When the Park Agency set up shop four decades ago, it was generally agreed that the best way to preserve open space and wildlife habitat was to do one of two things. As the APA plan stipulates in its guidelines for backcountry land: “Residential development [should occur only] on substantial acreages OR in small clusters on carefully selected and well designed sites.” Since then, however, the thinking has evolved.  Fragmenting land into “substantial acreages” has been largely discredited in favor of clustering (or concentrating) development to preserve most of the property in contiguous, intact open space. The key words are contiguous and intact. Conservation science recognizes that the spatial pattern of development is at least as important as the density of development.

In this view, the great camp lots of the ACR project represent a classic example of how NOT to treat open space. This is now seen as “rural sprawl” that needlessly disturbs the natural surroundings, alters species behavior and composition, increases human-wildlife conflicts, and undermines the open-space character of the Adirondack Park.

Rural developers like ACR continue to argue that large lots are the best way to preserve a natural landscape. “We agreed that the buildings on each of the 24 eastern great camp lots would be located within a 3-acre building area,” they explain. “Therefore, development is restricted to about 80 of the project’s easternmost 3,300 acres” and “approximately 86 percent of our 6,235 acres is designed as open space.”

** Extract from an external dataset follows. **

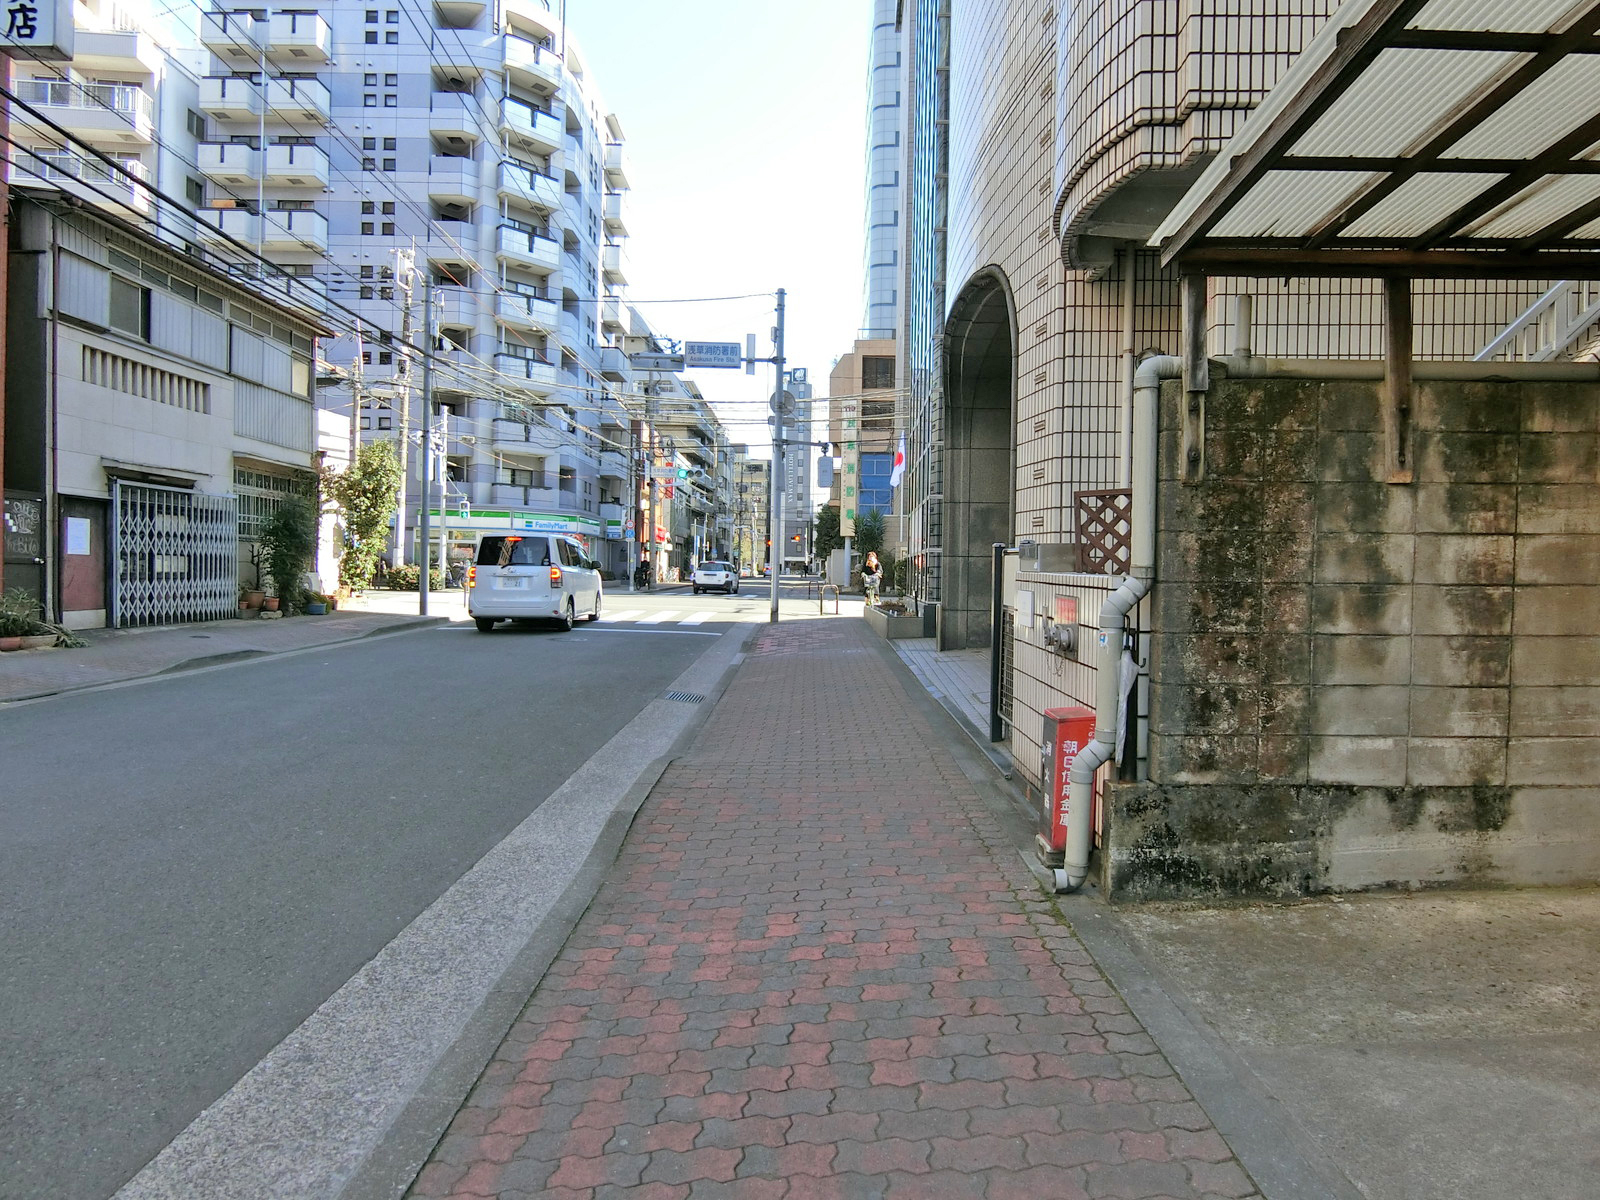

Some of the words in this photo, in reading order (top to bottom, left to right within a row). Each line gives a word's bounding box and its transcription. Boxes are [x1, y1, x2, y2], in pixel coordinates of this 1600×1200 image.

[7, 0, 38, 39] 店
[688, 345, 738, 356] 浅草消防署前
[535, 521, 568, 530] FamilyMart

The problem is that this open space will be severely compromised by roads, driveways, houses, guest accommodations, garages, cars, pets, and human activities. Studies show that each dwelling in a forested area has an ecological-effect zone that extends far beyond the immediate disturbed area of the site. For birds, the impact can extend for 30 acres and for small mammals such as marten, fisher and fox, up to 39 acres.

Conservation science leaves no doubt that concentrating development, and overlapping the impact zones as much as possible, is far preferable to fragmenting open-space into huge lots. The preservationists who are currently suing the APA believe that the agency should have required the developer to concentrate his development. (Clustered development doesn’t have to be crammed together—for example, building homes on five-acre lots would give occupants plenty of privacy while preserving perhaps 90% of the property in continuous, commonly owned open space.)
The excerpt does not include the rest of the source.